Copy, from the entries below, each line where the word "RESULTS" can be found.

=== THE DATA ===

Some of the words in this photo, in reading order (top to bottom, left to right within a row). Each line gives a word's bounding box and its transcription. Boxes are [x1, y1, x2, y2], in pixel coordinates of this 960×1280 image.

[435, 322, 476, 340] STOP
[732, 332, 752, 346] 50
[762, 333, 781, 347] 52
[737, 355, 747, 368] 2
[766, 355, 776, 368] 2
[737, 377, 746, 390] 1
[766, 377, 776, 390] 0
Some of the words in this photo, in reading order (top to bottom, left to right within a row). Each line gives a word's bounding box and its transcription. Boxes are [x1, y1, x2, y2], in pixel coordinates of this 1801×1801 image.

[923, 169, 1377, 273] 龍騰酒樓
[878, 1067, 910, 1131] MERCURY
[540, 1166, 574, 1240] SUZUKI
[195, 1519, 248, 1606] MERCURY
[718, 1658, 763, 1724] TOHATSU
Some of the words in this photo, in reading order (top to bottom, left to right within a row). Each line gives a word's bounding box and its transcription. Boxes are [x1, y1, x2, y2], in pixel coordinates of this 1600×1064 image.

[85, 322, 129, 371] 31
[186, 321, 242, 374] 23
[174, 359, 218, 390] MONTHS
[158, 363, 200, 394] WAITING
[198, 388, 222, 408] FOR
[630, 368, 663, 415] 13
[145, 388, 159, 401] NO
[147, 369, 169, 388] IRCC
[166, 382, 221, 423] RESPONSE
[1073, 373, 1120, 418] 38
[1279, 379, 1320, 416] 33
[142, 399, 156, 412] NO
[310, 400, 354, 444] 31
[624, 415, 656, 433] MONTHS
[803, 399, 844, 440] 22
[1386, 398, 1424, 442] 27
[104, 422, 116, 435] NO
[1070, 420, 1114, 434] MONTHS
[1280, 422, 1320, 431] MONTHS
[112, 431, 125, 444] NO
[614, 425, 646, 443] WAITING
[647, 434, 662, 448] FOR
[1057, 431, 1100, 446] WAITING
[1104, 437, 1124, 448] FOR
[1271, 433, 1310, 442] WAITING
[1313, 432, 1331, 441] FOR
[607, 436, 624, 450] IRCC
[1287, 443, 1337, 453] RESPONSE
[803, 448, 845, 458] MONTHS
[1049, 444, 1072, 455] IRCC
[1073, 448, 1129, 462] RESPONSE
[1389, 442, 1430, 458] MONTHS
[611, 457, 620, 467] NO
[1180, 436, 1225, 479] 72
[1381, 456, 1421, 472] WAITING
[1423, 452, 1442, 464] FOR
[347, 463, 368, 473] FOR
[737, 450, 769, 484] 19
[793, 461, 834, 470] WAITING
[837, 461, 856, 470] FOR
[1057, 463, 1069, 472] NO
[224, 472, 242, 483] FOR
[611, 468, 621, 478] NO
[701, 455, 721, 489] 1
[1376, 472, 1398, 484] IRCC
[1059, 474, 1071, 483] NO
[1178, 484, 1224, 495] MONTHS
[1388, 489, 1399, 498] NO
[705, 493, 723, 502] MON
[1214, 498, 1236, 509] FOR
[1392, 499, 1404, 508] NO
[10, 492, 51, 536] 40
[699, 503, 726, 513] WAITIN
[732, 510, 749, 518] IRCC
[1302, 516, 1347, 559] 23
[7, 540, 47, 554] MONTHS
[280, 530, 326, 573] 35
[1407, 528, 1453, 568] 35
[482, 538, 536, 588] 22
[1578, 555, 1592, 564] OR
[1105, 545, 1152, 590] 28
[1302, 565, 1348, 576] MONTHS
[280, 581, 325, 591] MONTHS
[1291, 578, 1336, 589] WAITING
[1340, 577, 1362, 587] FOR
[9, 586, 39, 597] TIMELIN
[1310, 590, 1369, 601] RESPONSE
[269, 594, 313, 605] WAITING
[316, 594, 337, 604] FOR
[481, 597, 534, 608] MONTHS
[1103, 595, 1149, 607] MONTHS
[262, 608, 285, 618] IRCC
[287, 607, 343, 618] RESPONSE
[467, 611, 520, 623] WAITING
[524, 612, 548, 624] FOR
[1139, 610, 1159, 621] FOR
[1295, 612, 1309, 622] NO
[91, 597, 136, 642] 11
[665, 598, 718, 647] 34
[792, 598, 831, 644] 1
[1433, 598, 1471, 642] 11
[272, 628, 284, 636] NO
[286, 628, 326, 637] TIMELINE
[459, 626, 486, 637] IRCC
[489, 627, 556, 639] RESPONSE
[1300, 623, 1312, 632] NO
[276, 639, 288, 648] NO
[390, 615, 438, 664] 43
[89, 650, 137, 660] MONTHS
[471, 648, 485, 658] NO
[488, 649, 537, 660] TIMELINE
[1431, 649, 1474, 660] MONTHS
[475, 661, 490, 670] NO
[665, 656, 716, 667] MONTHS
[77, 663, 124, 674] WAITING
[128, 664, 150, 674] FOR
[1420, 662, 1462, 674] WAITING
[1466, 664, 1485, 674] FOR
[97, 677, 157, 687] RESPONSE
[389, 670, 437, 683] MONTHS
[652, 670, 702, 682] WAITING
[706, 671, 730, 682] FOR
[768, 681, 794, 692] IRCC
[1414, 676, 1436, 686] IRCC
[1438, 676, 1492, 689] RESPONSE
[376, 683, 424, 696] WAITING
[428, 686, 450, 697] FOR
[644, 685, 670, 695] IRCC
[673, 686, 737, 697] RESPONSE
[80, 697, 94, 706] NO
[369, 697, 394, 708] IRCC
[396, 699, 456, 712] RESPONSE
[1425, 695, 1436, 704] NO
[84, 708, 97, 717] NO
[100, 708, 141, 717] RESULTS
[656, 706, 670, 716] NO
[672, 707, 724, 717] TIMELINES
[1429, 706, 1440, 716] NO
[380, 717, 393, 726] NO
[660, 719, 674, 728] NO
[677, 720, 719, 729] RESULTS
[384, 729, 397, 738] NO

===

TASK ANSWER:
[100, 708, 141, 717] RESULTS
[677, 720, 719, 729] RESULTS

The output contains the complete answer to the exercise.